**WHAT YOU HAVE TO DO:**
Once the images are removed, repeat all of the entries exactly.

--- PROVIDED RECORDS Enclosed Below ---

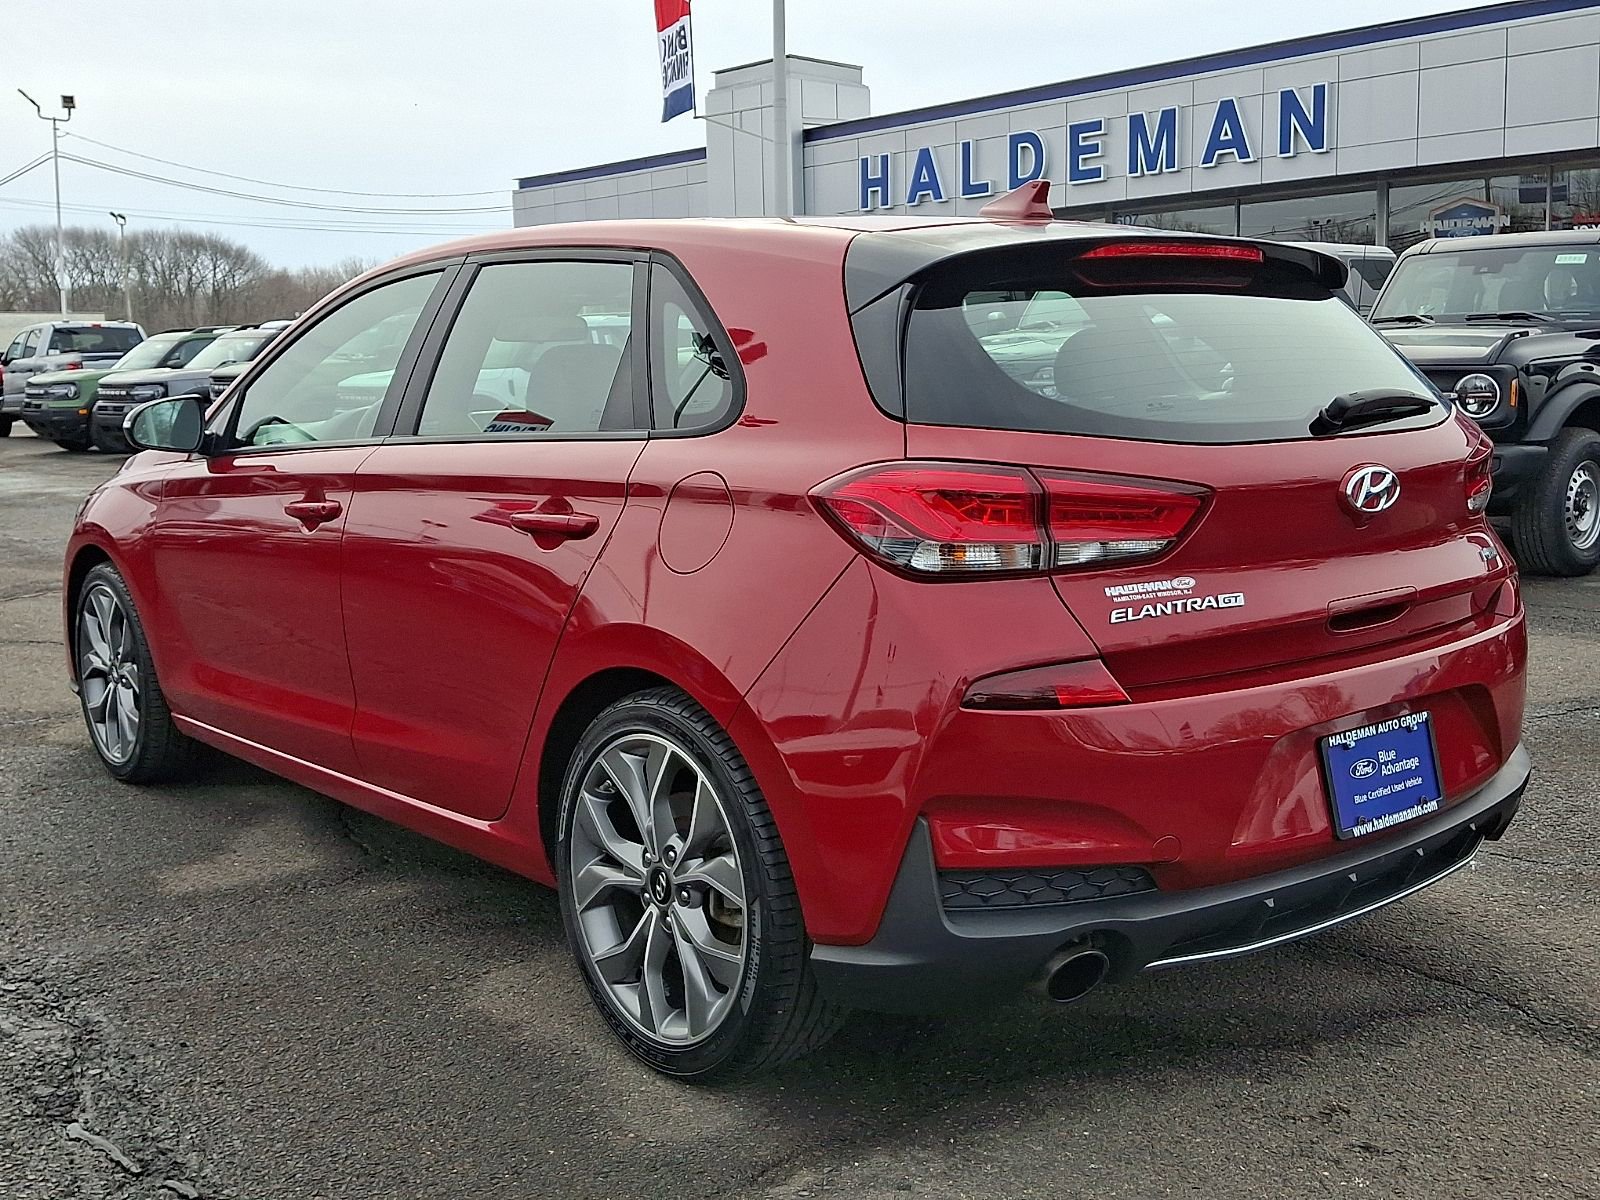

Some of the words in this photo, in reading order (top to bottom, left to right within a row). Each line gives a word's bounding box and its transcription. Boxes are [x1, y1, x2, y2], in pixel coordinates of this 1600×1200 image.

[859, 82, 1329, 211] HALDEMAN
[1105, 580, 1172, 597] HALDEMAN
[1110, 596, 1218, 624] ELANTRA
[1220, 594, 1242, 605] GT
[1329, 727, 1377, 747] HALDEMAN
[1378, 719, 1399, 734] AUTO
[1400, 711, 1428, 728] GROUP
[1353, 761, 1375, 777] Ford
[1378, 749, 1397, 763] Blue
[1381, 756, 1420, 777] Advantage
[1354, 793, 1368, 805] Blue
[1368, 785, 1392, 800] Certified
[1391, 781, 1405, 793] Used
[1405, 775, 1423, 789] Vehicle
[1352, 800, 1439, 838] www.haldemanauto.com

--- End of Enclosed PROVIDED RECORDS ---

**ANSWER BOX:**
Some of the words in this photo, in reading order (top to bottom, left to right within a row). Each line gives a word's bounding box and its transcription. Boxes are [x1, y1, x2, y2], in pixel coordinates of this 1600×1200 image.

[859, 82, 1329, 211] HALDEMAN
[1105, 580, 1172, 597] HALDEMAN
[1110, 596, 1218, 624] ELANTRA
[1220, 594, 1242, 605] GT
[1329, 727, 1377, 747] HALDEMAN
[1378, 719, 1399, 734] AUTO
[1400, 711, 1428, 728] GROUP
[1353, 761, 1375, 777] Ford
[1378, 749, 1397, 763] Blue
[1381, 756, 1420, 777] Advantage
[1354, 793, 1368, 805] Blue
[1368, 785, 1392, 800] Certified
[1391, 781, 1405, 793] Used
[1405, 775, 1423, 789] Vehicle
[1352, 800, 1439, 838] www.haldemanauto.com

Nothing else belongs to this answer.